Abstract

Protocols from 110 evaluations utilizing the Wechsler Intelligence Scale for Children-Third Edition (WISC-III) and the Woodcock/Johnson Tests of Achievement-Revised (W/J-R) were scored by two different raters to determine (a) whether subtests with more difficult levels of scoring yield lower interrater correlation coefficients, (b) whether scoring errors on subtests affect broad score estimates, (c) the effect of expertise of rater on scoring errors, and (d) whether scoring errors affect a learning disability determination based on IQ/achievement discrepancy. Scoring errors were found on almost 25% of Comprehension and Vocabulary subtests; however, the effect of these scoring errors was minimal.

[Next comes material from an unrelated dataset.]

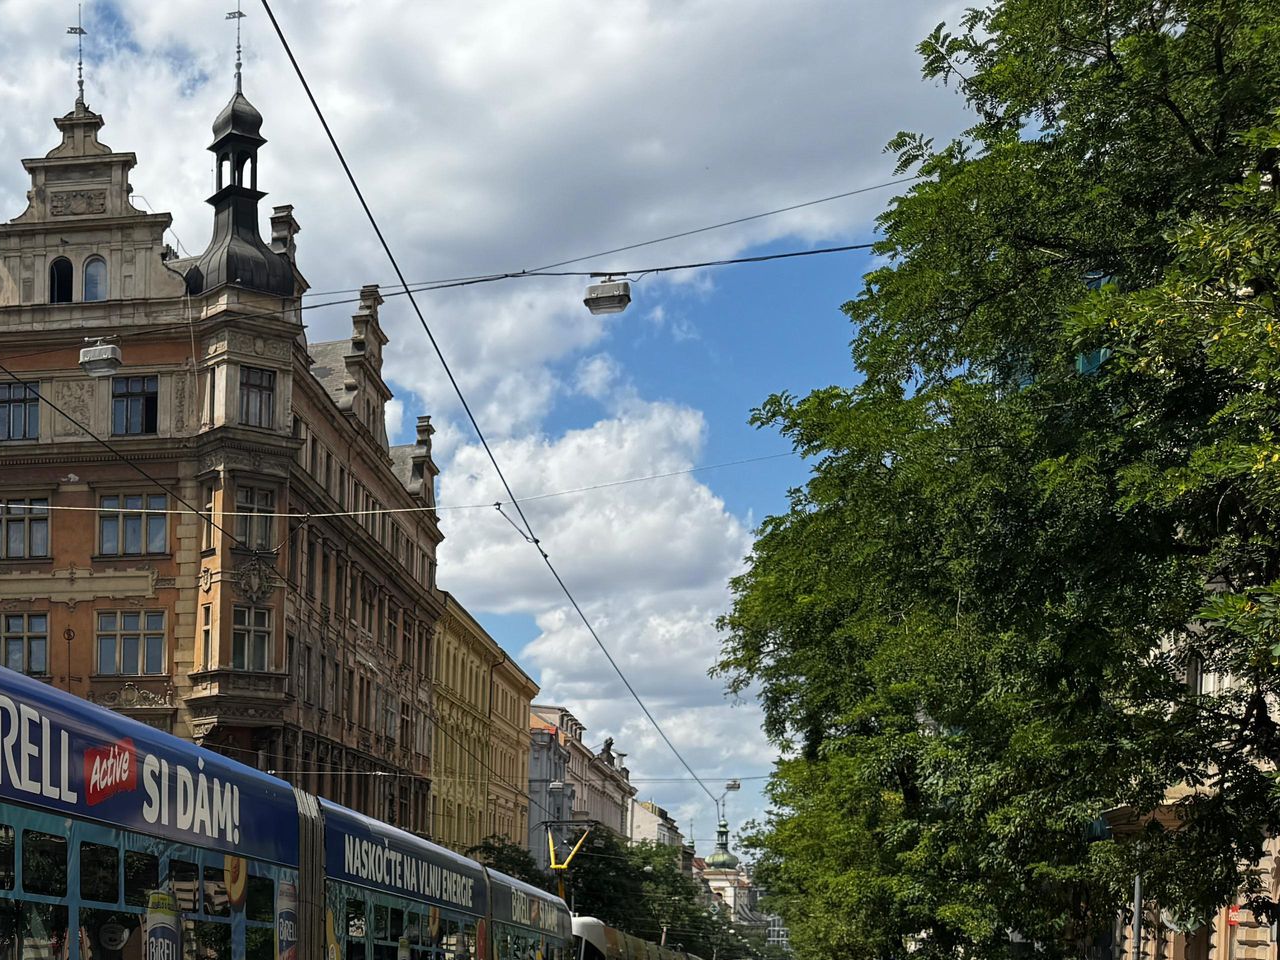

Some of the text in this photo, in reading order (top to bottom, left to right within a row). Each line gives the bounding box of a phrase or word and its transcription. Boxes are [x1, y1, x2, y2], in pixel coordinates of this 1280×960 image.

About 42% of Writing Samples subtests had scoring errors, resulting in a mean change of 1.75 points on the Broad Written Language Cluster subtest. On the WISC-III, but not the W/J-R, there were significantly more errors made by inexperienced testers. Scoring errors resulted in two cases in which learning disability determination would be changed. Overall, the study corroborates previous findings of strong interrater reliability on most subtests of common IQ and achievement tests and indicates that novice scorers are not likely to make scoring mistakes that will significantly impact an IQ/achievement discrepancy-based documentation of learning disability.